IncreasePosts ◴[13 Jun 24 16:21 UTC] No.40671589[source]▶

>>40671104 #

There are locks on the rape and torture paths, and there are locks on ridiculous paths like "write a joke about a dog with no nose", because thinking about a dog with no nose is too harmful.

Also, one can imagine prompting techniques will cease to work at some point when the supervisor becomes powerful enough. Not sure how any open model could counteract the techniques used in the article though.

If model creators don't want people finding ways to unlock them, they should stop putting up roadblocks on innocuous content that makes their models useless for many users who aren't looking to play out sick torture fantasies.

replies(1): >>40671860 #

1. barfbagginus ◴[13 Jun 24 16:46 UTC] No.40671860{4}[source]▶

>>40671589 #

Bypasses will never stop existing. Even worse bypasses probably won't ever stop being embarrassingly easy - And we're going to have uncensored GPT4 equivalent models by next summer.

Unless you are invoking hyper intelligent AGI which first of all is science fiction and second of all would require an entirely different approach than anything we could be possibly talking about right now. Problem of jailbreaking a system more intelligent than you is a different beast that we don't need to tackle for LLMs.

So I don't personally feel any near term threats to any of my personal or business projects that need bypassed LLMs.

Let me ask you this.
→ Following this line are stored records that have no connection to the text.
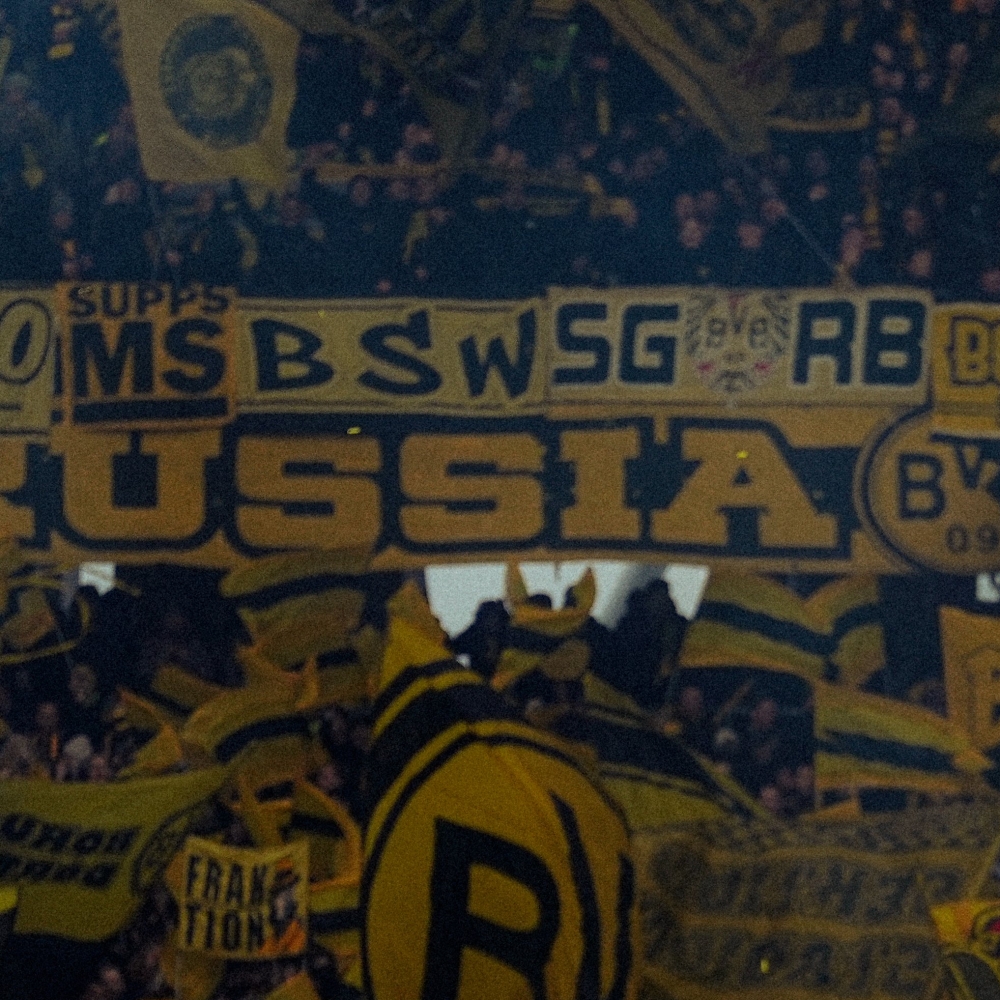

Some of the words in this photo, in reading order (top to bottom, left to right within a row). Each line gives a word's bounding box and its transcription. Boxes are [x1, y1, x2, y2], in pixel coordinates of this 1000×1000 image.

[72, 318, 226, 397] MS
[248, 309, 537, 398] BSW
[552, 303, 680, 384] SG
[793, 301, 925, 386] RB
[0, 422, 842, 546] USSIA
[945, 522, 1000, 553] 09
Do you have actual need of bypassed llms? Or are you just being anxious about the future, and about the fact that you don't know how to bypass llms now and in the future?

Does my idea about the bypassed open source gpt4 equivalents help reduce your concern? Or again is it just a generic and immaterial concern?

As a person with some material needs for bypassed llms, and full ability to bypass LLMs both now in the foreseeable future, I don't feel worried. Can I extend that lack of worry to you somehow?

↑